On Sunday, August 28, the Green-Wood Historic Fund hosted the 240th anniversary of the historic battle featuring events and activities for people of all ages, such as the parade of flags, re-enactments, colonial-era music and performers dressed as American icons such as George Washington.

“Overall, it was a major success,” said Manager of Programs at Green-Wood Harry Weil. “Over 4,000 people came throughout the day, morning and afternoon. It was the largest crowd we’ve ever had.”

Because the day featured many activities, there were numerous highlights for attendees. “It depends on who you ask,” Weil said. “For the kids, I think they loved seeing horses and the cannons going off. For the adults, it was watching their kids interacting with the re-enactors and getting excited about learning about history.”

Those in attendance paid tribute to the soldiers who fought during the Battle of Brooklyn, an early battle of the American Revolution, fought partially on Green-Wood’s Battle Hill.

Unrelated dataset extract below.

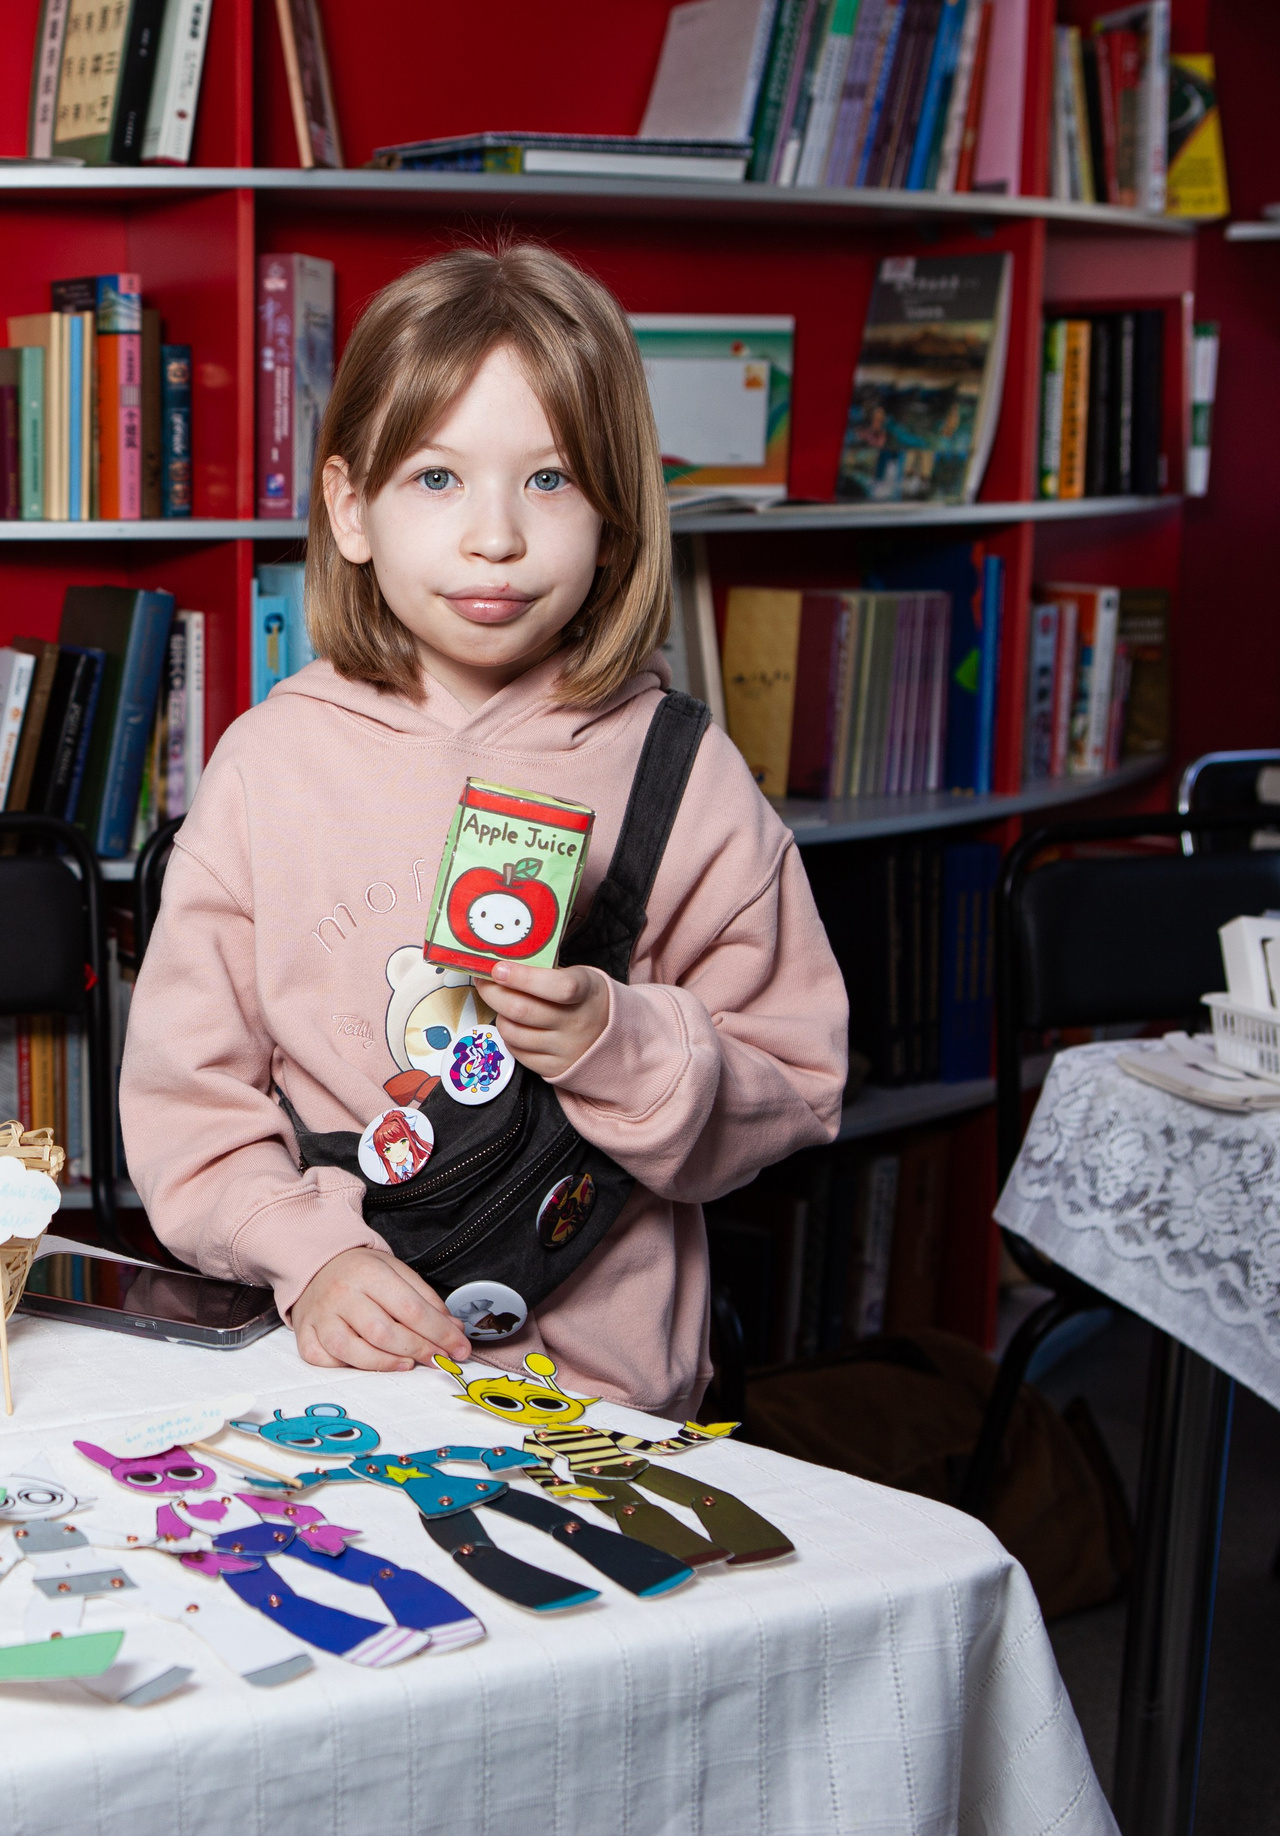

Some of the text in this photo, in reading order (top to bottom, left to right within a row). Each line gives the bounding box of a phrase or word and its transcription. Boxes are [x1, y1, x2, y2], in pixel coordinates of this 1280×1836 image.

[462, 813, 578, 858] Apple Juice
[311, 858, 426, 954] mof

“The ceremony on top of the hill was to commemorate those who died in the Battle of Brooklyn, but also allowed us to reflect that this is where it was fought,” he said.

The Green-Wood event concluded a week of activities and events throughout the borough to mark the 240th anniversary of the largest battle of the Revolutionary War.

“What’s great about the event at Green-Wood is that it’s the largest one during Battle of Brooklyn Week,” Weil stressed. “It’s a great crowd-pleaser. People love to see the great re-enactors we have. They interact and engage with the audience and that’s what makes it so great. It’s not just looking at them. (Attendees) participate too. They can walk from the main entrance to the top of Battle Hill, and pick up replica regimental flags of the Revolutionary War.

“We feel fortunate that so much of the community came out to Green-Wood,” Weil concluded. “What makes it special is not just the celebration of history, but having it come alive where it happened.”